Before running the code:

  • Install node-fetch and https-proxy-agent packages
  • Replace ‘your_proxy_host’, ‘your_proxy_port’, ‘your_proxy_username’, and ‘your_proxy_password’ with your actual proxy details.
  • Ensure that the user-agent, sec-ch-ua-platform, matches that of your device. (See the image below to learn how to locate them.)

Output:

The code will scrape over 300 listings data, which you can use for your detection system.

Step 3: Analyze the listing data

When detecting fake real estate listings, several key data points can be used to analyze and identify suspicious listings like listings with unrealistic prices, inconsistent property details, etc. However, to build our fake real estate listings detection system, we primarily need the image URL that will be passed into the image Geolocation API and the listing address on the real estate platform.

  • Location: The address of the property provides vital clues. Fake listings often provide inaccurate or vague locations. Geolocation verification using the property’s image metadata (like GPS coordinates) helps detect discrepancies.
  • Images: Images are one of the most significant data points. Analyzing the quality, consistency, and geolocation of images can reveal if they’ve been reused from other listings or locations. Using image geolocation tools like The Social Proxy’s Image API can help detect if the images correspond to the claimed property location.
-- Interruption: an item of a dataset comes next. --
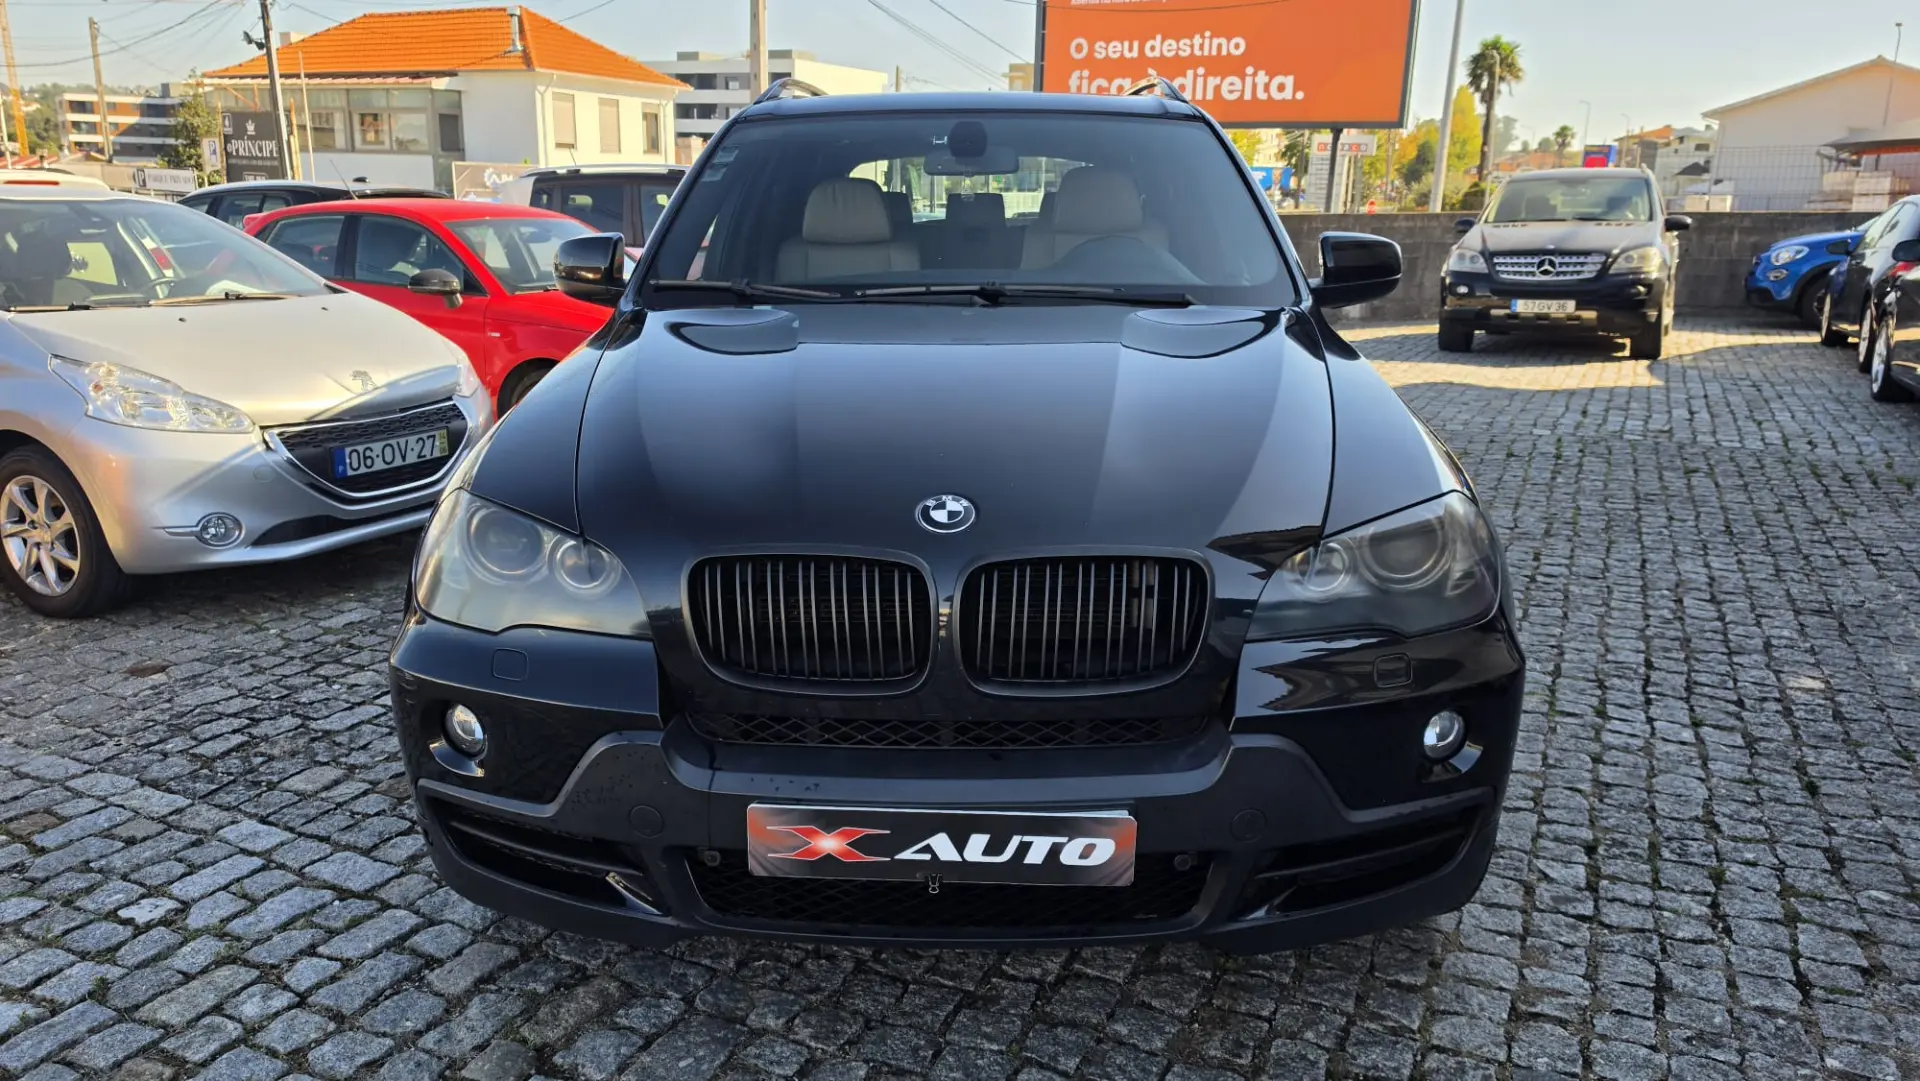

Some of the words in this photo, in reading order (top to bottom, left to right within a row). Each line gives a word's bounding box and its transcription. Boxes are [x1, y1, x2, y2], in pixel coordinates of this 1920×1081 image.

Step 4: Geolocalization and image analysis

Now we need to utilize The Social Proxy’s Image Geolocation API to verify whether the location data provided in real estate listings, such as those scraped from Zillow aligns with the geographical information extracted from the listing’s images. By analyzing the images using the API, we can compare the coordinates of the locations tagged in the images with the addresses listed on these platforms, helping us determine if a listing is potentially fraudulent.
Below is an example of how to use The Social Proxy’s Geolocation API:

				
					var request = require('request');
var fs = require('fs');

// Read and encode the image file as Base64
var imagePath = 'path/to/real-estate-image.jpg';
var imageBase64 = fs.readFileSync(imagePath, { encoding: 'base64' });

var options = {
  method: 'POST',
  url: 'https://thesocialproxy.com/wp-json/tsp/geolocate/v1/image?consumer_key={CONSUMER_KEY}&consumer_secret={CONSUMER_SECRET}',
  headers: {
    'Content-Type': 'application/json',
  },
  body: JSON.stringify({
    image: imageBase64,
  }),
};

request(options, function (error, response) {
  if (error) throw new Error(error);
  var jsonResponse = JSON.parse(response.body);
  console.log(jsonResponse);
});

				
			

The Geolocation API will return a JSON response with a list of potential locations (geo_predictions), each one contains:

  • Coordinates: Latitude and longitude values.
  • Address: Predicted address based on the image.
  • Similarity scores: Scores indicating how closely the prediction matches the real location.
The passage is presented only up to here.